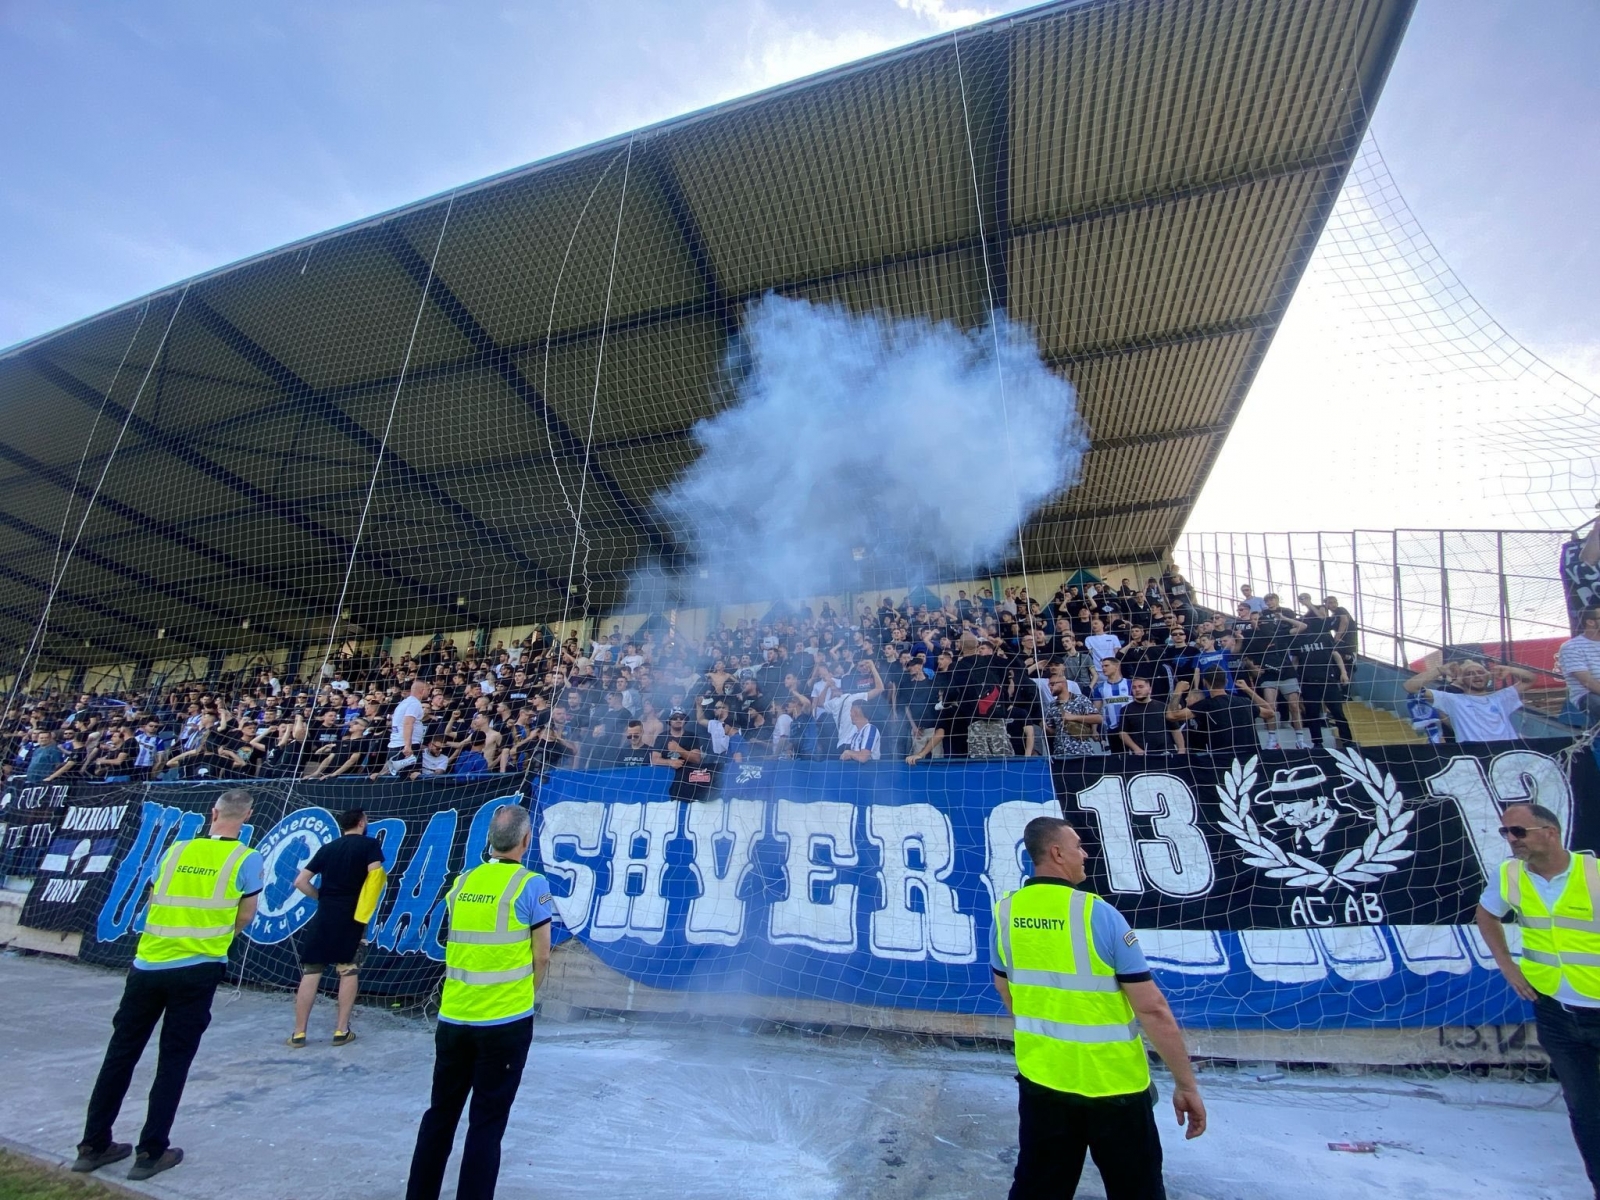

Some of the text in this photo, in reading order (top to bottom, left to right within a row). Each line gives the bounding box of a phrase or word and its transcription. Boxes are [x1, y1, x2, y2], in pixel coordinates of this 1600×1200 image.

[17, 785, 70, 810] FUCK THE
[260, 816, 333, 857] Shvercera
[1076, 773, 1215, 898] 13
[176, 865, 218, 877] SECURITY
[40, 878, 88, 903] FRONT
[457, 892, 497, 904] SECURITY
[1013, 917, 1066, 930] SECURITY
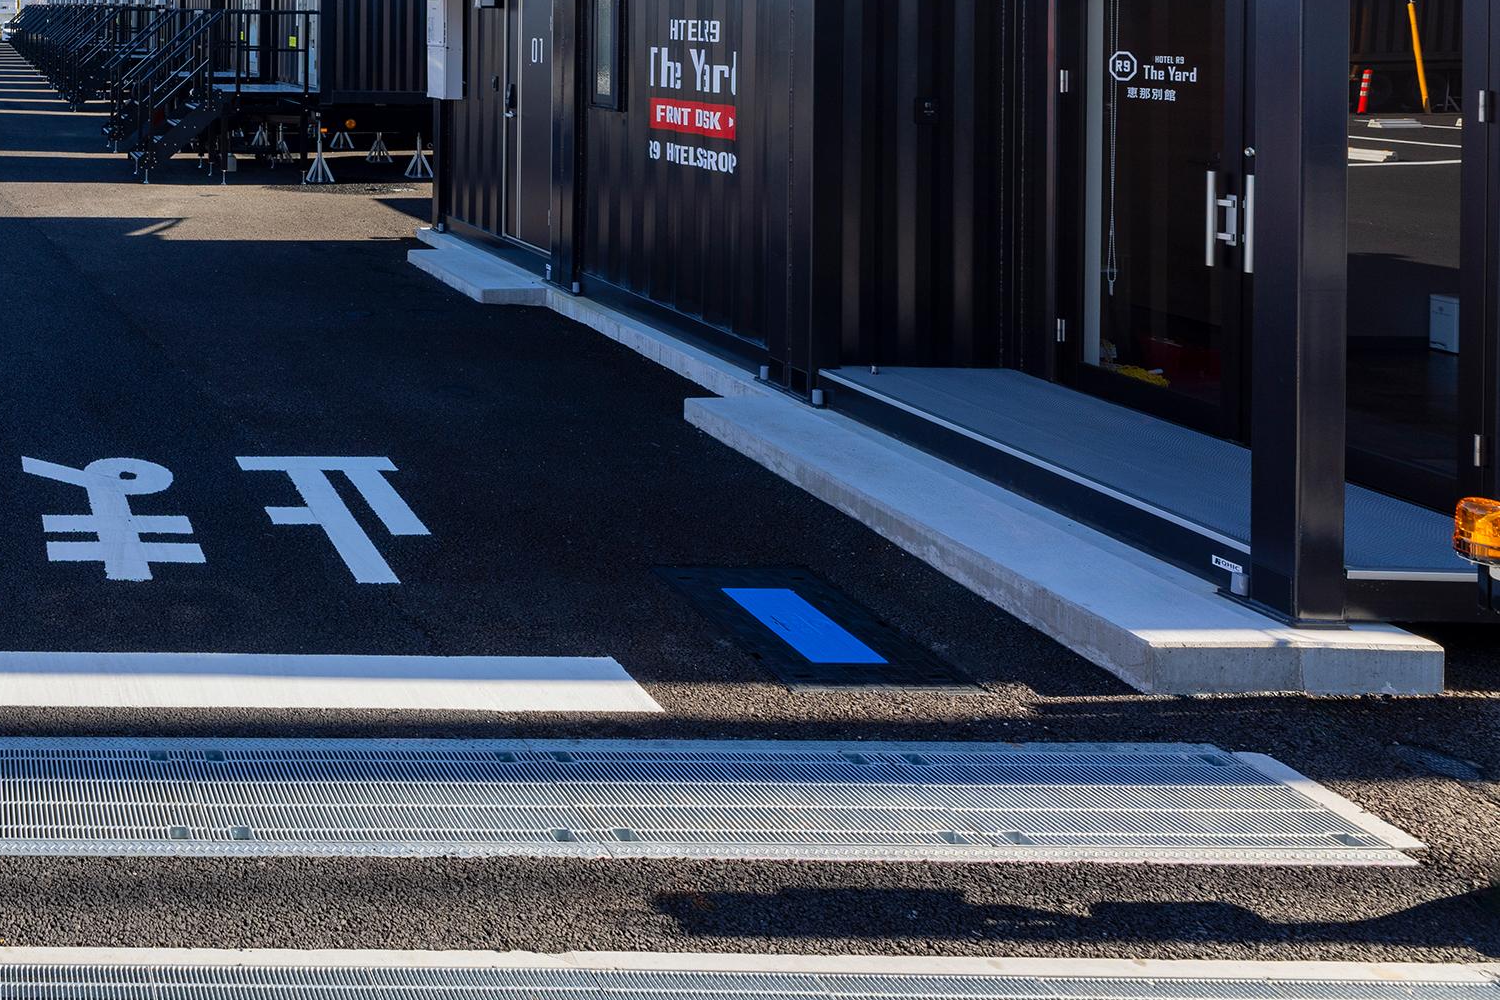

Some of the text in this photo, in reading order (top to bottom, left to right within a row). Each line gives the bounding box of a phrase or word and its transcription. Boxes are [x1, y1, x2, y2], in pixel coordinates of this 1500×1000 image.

[531, 37, 544, 64] 01
[1115, 60, 1131, 72] R9
[1155, 55, 1174, 64] HOTEL
[1143, 65, 1197, 82] The Yard
[1127, 87, 1176, 101] 恵那別館

*Exercise goal:* Every record above must reappear exactly in the answer, minus its pictures.

*Output for this exercise:*
Some of the text in this photo, in reading order (top to bottom, left to right within a row). Each line gives the bounding box of a phrase or word and its transcription. Boxes are [x1, y1, x2, y2], in pixel coordinates of this 1600×1200 image.

[17, 785, 70, 810] FUCK THE
[260, 816, 333, 857] Shvercera
[1076, 773, 1215, 898] 13
[176, 865, 218, 877] SECURITY
[40, 878, 88, 903] FRONT
[457, 892, 497, 904] SECURITY
[1013, 917, 1066, 930] SECURITY

Some of the text in this photo, in reading order (top to bottom, left to right within a row). Each line gives the bounding box of a phrase or word and its transcription. Boxes are [x1, y1, x2, y2], in pixel coordinates of this 1500×1000 image.

[531, 37, 544, 64] 01
[1115, 60, 1131, 72] R9
[1155, 55, 1174, 64] HOTEL
[1143, 65, 1197, 82] The Yard
[1127, 87, 1176, 101] 恵那別館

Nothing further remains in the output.